Stored data:
***
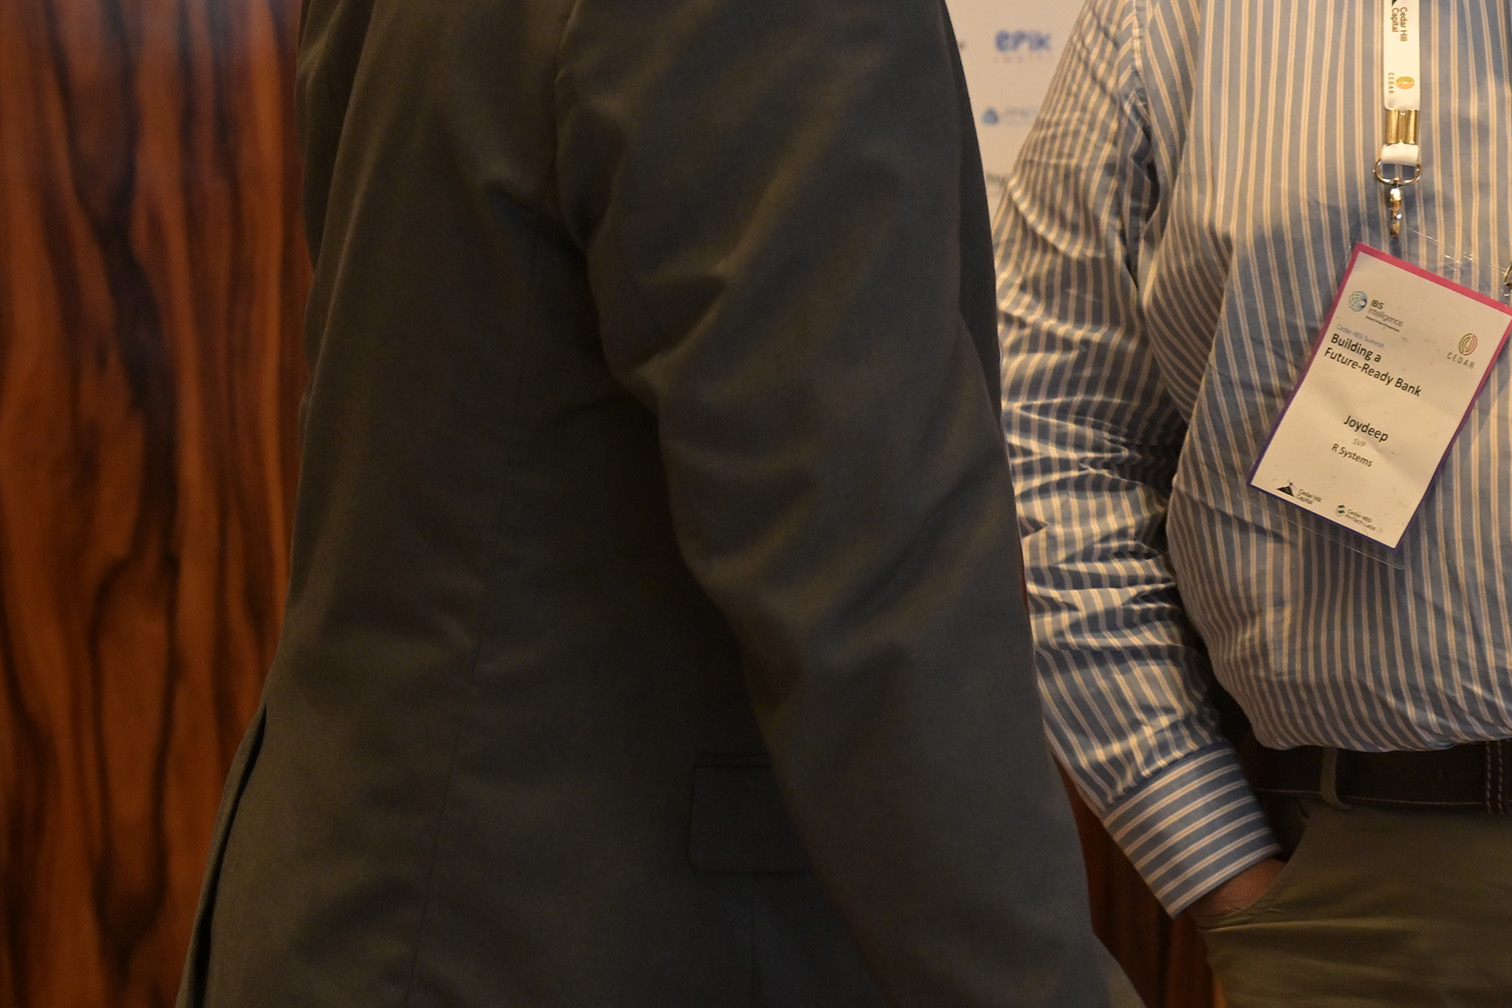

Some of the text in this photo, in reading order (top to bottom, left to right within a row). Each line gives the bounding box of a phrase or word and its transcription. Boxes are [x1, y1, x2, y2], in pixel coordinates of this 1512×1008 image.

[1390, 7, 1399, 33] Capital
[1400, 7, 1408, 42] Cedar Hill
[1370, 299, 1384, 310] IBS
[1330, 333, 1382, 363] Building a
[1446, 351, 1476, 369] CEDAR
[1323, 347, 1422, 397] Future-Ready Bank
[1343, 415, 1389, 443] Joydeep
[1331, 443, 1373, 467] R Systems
***
▸ **Work to complete**
Give back every record above word for word; the pictures have no place in it.

▸ **Task answer**
Some of the text in this photo, in reading order (top to bottom, left to right within a row). Each line gives the bounding box of a phrase or word and its transcription. Boxes are [x1, y1, x2, y2], in pixel coordinates of this 1512×1008 image.

[1390, 7, 1399, 33] Capital
[1400, 7, 1408, 42] Cedar Hill
[1370, 299, 1384, 310] IBS
[1330, 333, 1382, 363] Building a
[1446, 351, 1476, 369] CEDAR
[1323, 347, 1422, 397] Future-Ready Bank
[1343, 415, 1389, 443] Joydeep
[1331, 443, 1373, 467] R Systems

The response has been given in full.